Linux and the Unix Philosophy

1.2 Developing Unix

People marvel at the portability of Unix, but it wasn't always portable. Thompson originally coded it in assembly language. In 1972 he rewrote it in a portable language called B as it became evident that he might want to take advantage of new hardware as it became available. Another member of AT&T's staff at Bell Laboratories, Dennis Ritchie, made extensive modifications to B in 1973, evolving it into the C language loved and despised today by programmers the world over.

Again, Thompson had set a precedent that was later adopted by Unix developers: Someone whose back is against the wall often writes great programs. When an application must be written, and (1) it must be done to meet a practical need, (2) there aren't any "experts" around who would know how to write it, and (3) there is no time to do it "right," the odds are very good that an outstanding piece of software will be written. In Thompson's case, he needed an operating system written in a portable language because he had to move his programs from one hardware architecture to another. No selfdescribed portable operating system experts could be found. And he certainly didn't have time to do it "right."

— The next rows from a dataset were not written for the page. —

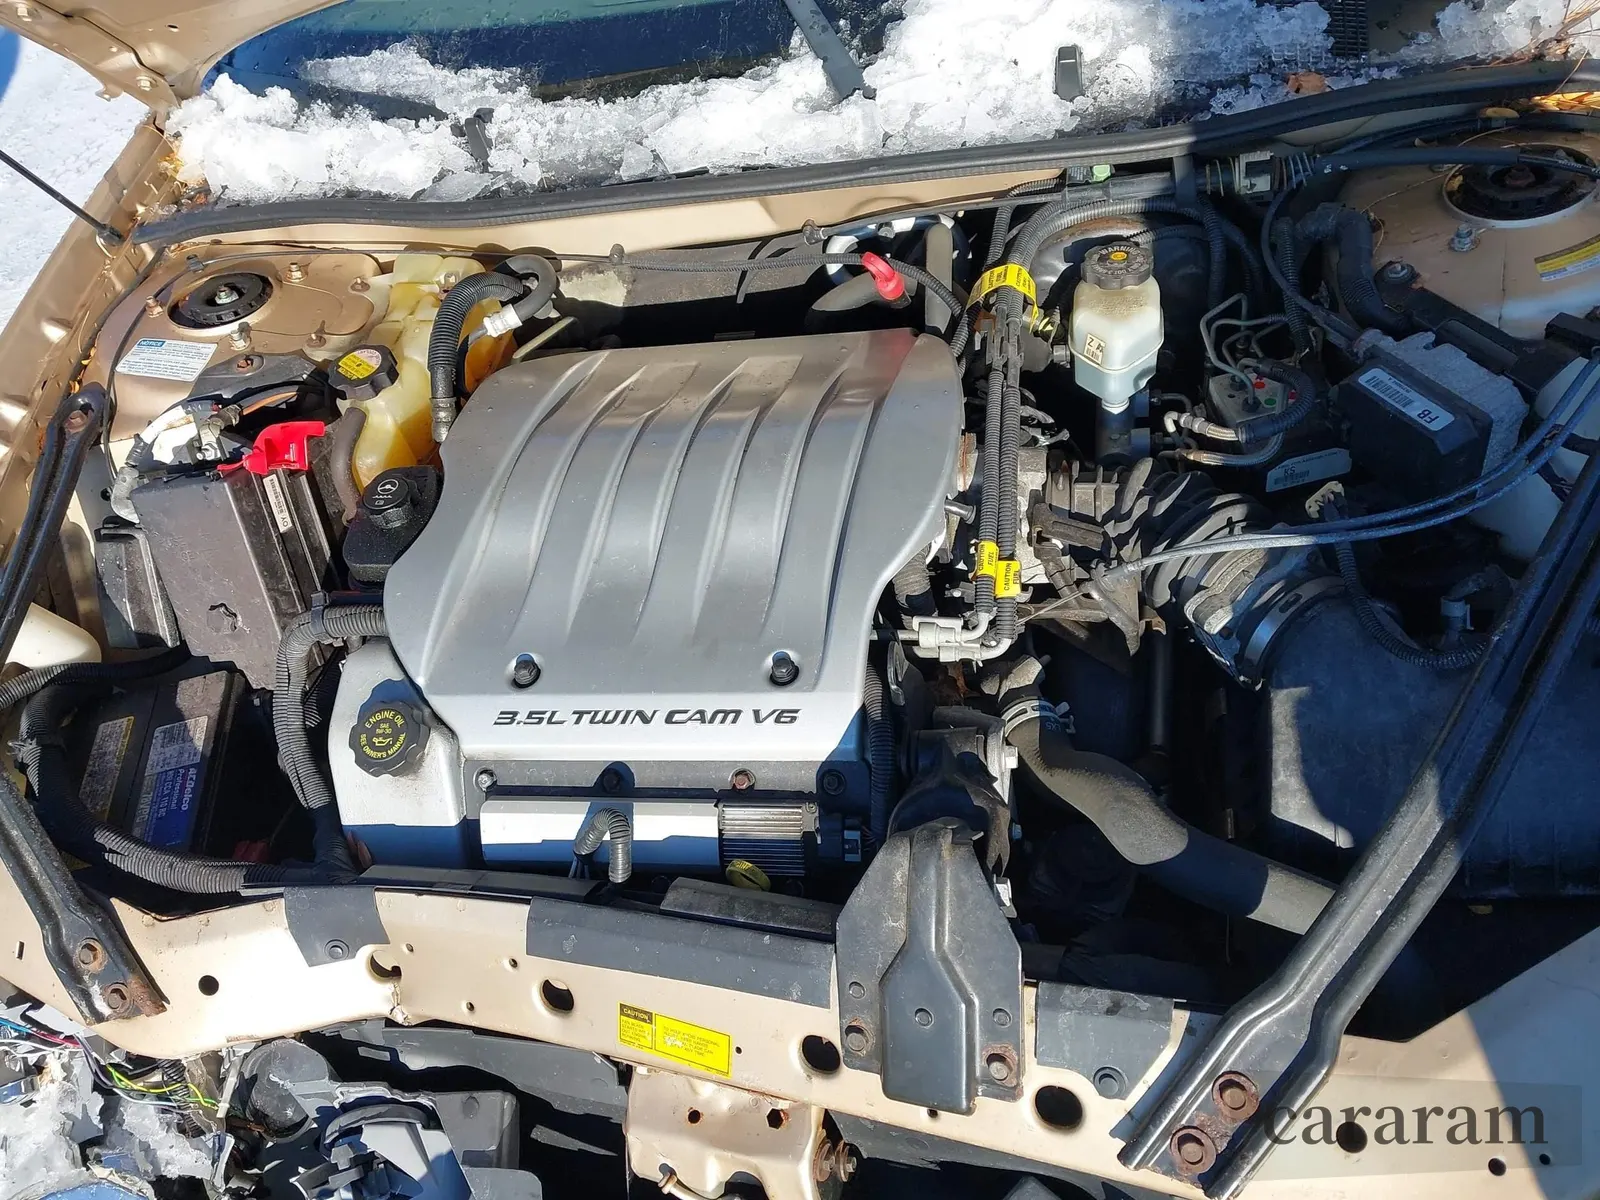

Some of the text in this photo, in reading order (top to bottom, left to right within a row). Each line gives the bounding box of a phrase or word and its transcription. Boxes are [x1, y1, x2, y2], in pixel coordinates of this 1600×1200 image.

[1098, 245, 1140, 255] WARNING
[1417, 409, 1439, 424] FB
[280, 516, 288, 527] OY
[1003, 563, 1012, 591] CAUTION
[1012, 570, 1020, 584] FUEL
[365, 710, 405, 729] ENGINE OIL
[493, 708, 802, 726] 3.5L TWIN CAM V6
[362, 745, 387, 759] OWNER'S
[387, 732, 406, 756] MANUAL
[623, 1008, 649, 1020] CAUTION

Ken Thompson played a limited role in the development of the overall Unix philosophy, however. Although he made significant design contributions in the areas of file system structure, pipes, the I/O subsystem, and portability, much of the Unix philosophy came about as a result of many peoples' efforts. Each person who worked with Unix in its early days helped to shape it according to his or her area of expertise. The following lists some contributors and their primary contributions:

Contributors

Contributions

Alfred Aho

Text scanning, parsing, sorting

Eric Allman

Electronic mail

Kenneth Arnold

Screen updating

Stephen Bourne

Bourne shell command interpreter

Lorinda Cherry

Interactive calculator

Steven Feldman

Computer-aided software engineering

Stephen Johnson

Compiler design tools

William Joy

Text editing, C-like command language

Brian Kernighan

Regular expressions, programming principles, typesetting, computer-aided instruction

Michael Lesk

High-level text formatting, dial-up networking

John Mashey

Command interpreter

Robert Morris

Desk calculator

D. A. Nowitz

Dial-up networking

Joseph Ossanna

Text formatting language

Dennis Ritchie

C programming language

Larry Wall

Patch utility, Perl command language, rn network news reader

Peter Weinberger

Text scanning

Although the above individuals are the earliest and most recognizable participants in the Unix phenomenon, the people who developed the Unix approach to computing eventually numbered in the thousands. Virtually every published paper on a major Unix component lists more than a handful of contributors who helped make it happen. These contributors formed the Unix philosophy as it is understood and propagated today.